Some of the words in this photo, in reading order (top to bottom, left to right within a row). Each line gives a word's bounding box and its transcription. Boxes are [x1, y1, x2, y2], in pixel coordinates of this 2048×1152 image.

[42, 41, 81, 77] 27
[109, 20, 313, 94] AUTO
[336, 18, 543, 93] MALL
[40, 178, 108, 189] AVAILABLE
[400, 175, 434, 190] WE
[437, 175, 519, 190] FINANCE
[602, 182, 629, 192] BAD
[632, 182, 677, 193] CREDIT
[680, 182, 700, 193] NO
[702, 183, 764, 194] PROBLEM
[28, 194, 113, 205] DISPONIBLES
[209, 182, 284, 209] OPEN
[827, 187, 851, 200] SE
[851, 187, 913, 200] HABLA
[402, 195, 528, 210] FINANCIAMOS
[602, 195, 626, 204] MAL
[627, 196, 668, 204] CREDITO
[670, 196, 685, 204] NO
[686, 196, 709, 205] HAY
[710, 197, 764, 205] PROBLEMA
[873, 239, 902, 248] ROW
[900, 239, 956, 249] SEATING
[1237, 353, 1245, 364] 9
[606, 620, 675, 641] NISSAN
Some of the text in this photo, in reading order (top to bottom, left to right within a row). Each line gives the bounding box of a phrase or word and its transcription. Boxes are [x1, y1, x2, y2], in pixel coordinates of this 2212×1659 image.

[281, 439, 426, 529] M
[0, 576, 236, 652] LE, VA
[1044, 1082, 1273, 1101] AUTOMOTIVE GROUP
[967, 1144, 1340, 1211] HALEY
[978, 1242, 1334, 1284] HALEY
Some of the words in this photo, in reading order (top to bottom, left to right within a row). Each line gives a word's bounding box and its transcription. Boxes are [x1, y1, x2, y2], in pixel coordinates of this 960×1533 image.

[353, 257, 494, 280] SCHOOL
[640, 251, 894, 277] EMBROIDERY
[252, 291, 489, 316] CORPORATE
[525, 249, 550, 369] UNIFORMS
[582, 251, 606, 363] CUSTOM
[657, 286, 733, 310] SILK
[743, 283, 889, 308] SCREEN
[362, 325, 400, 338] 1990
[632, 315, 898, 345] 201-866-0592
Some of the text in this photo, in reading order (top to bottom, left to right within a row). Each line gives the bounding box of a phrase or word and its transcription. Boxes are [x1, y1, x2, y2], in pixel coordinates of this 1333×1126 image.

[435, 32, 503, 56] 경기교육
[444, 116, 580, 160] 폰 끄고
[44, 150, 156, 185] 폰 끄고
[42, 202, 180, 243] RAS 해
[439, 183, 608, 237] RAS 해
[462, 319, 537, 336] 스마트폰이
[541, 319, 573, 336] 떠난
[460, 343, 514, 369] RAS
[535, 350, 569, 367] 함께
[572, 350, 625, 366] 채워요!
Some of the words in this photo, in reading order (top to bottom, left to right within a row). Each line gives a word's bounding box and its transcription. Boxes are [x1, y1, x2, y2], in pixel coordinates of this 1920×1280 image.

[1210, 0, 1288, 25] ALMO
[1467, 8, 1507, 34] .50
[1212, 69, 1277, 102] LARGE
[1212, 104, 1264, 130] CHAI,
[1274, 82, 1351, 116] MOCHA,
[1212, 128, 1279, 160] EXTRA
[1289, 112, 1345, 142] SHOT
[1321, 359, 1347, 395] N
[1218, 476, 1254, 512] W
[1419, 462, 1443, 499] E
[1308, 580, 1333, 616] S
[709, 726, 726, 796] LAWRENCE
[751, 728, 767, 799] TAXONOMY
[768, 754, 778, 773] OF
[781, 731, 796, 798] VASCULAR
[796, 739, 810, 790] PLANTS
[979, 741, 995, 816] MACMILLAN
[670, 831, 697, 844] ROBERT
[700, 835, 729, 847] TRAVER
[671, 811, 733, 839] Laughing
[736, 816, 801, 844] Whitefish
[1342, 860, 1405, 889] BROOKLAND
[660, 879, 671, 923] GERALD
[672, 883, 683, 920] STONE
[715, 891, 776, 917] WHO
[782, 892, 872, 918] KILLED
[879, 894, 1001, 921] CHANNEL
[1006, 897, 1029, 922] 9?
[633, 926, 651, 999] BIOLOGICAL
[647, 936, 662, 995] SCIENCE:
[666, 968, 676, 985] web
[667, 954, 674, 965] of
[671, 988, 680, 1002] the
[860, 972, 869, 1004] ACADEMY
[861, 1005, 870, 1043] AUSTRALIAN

==*==

PROBLEM: Your reply should be every line of the material, transcribed exactly.

SOLUTION:
Some of the words in this photo, in reading order (top to bottom, left to right within a row). Each line gives a word's bounding box and its transcription. Boxes are [x1, y1, x2, y2], in pixel coordinates of this 2048×1152 image.

[42, 41, 81, 77] 27
[109, 20, 313, 94] AUTO
[336, 18, 543, 93] MALL
[40, 178, 108, 189] AVAILABLE
[400, 175, 434, 190] WE
[437, 175, 519, 190] FINANCE
[602, 182, 629, 192] BAD
[632, 182, 677, 193] CREDIT
[680, 182, 700, 193] NO
[702, 183, 764, 194] PROBLEM
[28, 194, 113, 205] DISPONIBLES
[209, 182, 284, 209] OPEN
[827, 187, 851, 200] SE
[851, 187, 913, 200] HABLA
[402, 195, 528, 210] FINANCIAMOS
[602, 195, 626, 204] MAL
[627, 196, 668, 204] CREDITO
[670, 196, 685, 204] NO
[686, 196, 709, 205] HAY
[710, 197, 764, 205] PROBLEMA
[873, 239, 902, 248] ROW
[900, 239, 956, 249] SEATING
[1237, 353, 1245, 364] 9
[606, 620, 675, 641] NISSAN
Some of the text in this photo, in reading order (top to bottom, left to right within a row). Each line gives the bounding box of a phrase or word and its transcription. Boxes are [x1, y1, x2, y2], in pixel coordinates of this 2212×1659 image.

[281, 439, 426, 529] M
[0, 576, 236, 652] LE, VA
[1044, 1082, 1273, 1101] AUTOMOTIVE GROUP
[967, 1144, 1340, 1211] HALEY
[978, 1242, 1334, 1284] HALEY
Some of the words in this photo, in reading order (top to bottom, left to right within a row). Each line gives a word's bounding box and its transcription. Boxes are [x1, y1, x2, y2], in pixel coordinates of this 960×1533 image.

[353, 257, 494, 280] SCHOOL
[640, 251, 894, 277] EMBROIDERY
[252, 291, 489, 316] CORPORATE
[525, 249, 550, 369] UNIFORMS
[582, 251, 606, 363] CUSTOM
[657, 286, 733, 310] SILK
[743, 283, 889, 308] SCREEN
[362, 325, 400, 338] 1990
[632, 315, 898, 345] 201-866-0592
Some of the text in this photo, in reading order (top to bottom, left to right within a row). Each line gives the bounding box of a phrase or word and its transcription. Boxes are [x1, y1, x2, y2], in pixel coordinates of this 1333×1126 image.

[435, 32, 503, 56] 경기교육
[444, 116, 580, 160] 폰 끄고
[44, 150, 156, 185] 폰 끄고
[42, 202, 180, 243] RAS 해
[439, 183, 608, 237] RAS 해
[462, 319, 537, 336] 스마트폰이
[541, 319, 573, 336] 떠난
[460, 343, 514, 369] RAS
[535, 350, 569, 367] 함께
[572, 350, 625, 366] 채워요!
Some of the words in this photo, in reading order (top to bottom, left to right within a row). Each line gives a word's bounding box and its transcription. Boxes are [x1, y1, x2, y2], in pixel coordinates of this 1920×1280 image.

[1210, 0, 1288, 25] ALMO
[1467, 8, 1507, 34] .50
[1212, 69, 1277, 102] LARGE
[1212, 104, 1264, 130] CHAI,
[1274, 82, 1351, 116] MOCHA,
[1212, 128, 1279, 160] EXTRA
[1289, 112, 1345, 142] SHOT
[1321, 359, 1347, 395] N
[1218, 476, 1254, 512] W
[1419, 462, 1443, 499] E
[1308, 580, 1333, 616] S
[709, 726, 726, 796] LAWRENCE
[751, 728, 767, 799] TAXONOMY
[768, 754, 778, 773] OF
[781, 731, 796, 798] VASCULAR
[796, 739, 810, 790] PLANTS
[979, 741, 995, 816] MACMILLAN
[670, 831, 697, 844] ROBERT
[700, 835, 729, 847] TRAVER
[671, 811, 733, 839] Laughing
[736, 816, 801, 844] Whitefish
[1342, 860, 1405, 889] BROOKLAND
[660, 879, 671, 923] GERALD
[672, 883, 683, 920] STONE
[715, 891, 776, 917] WHO
[782, 892, 872, 918] KILLED
[879, 894, 1001, 921] CHANNEL
[1006, 897, 1029, 922] 9?
[633, 926, 651, 999] BIOLOGICAL
[647, 936, 662, 995] SCIENCE:
[666, 968, 676, 985] web
[667, 954, 674, 965] of
[671, 988, 680, 1002] the
[860, 972, 869, 1004] ACADEMY
[861, 1005, 870, 1043] AUSTRALIAN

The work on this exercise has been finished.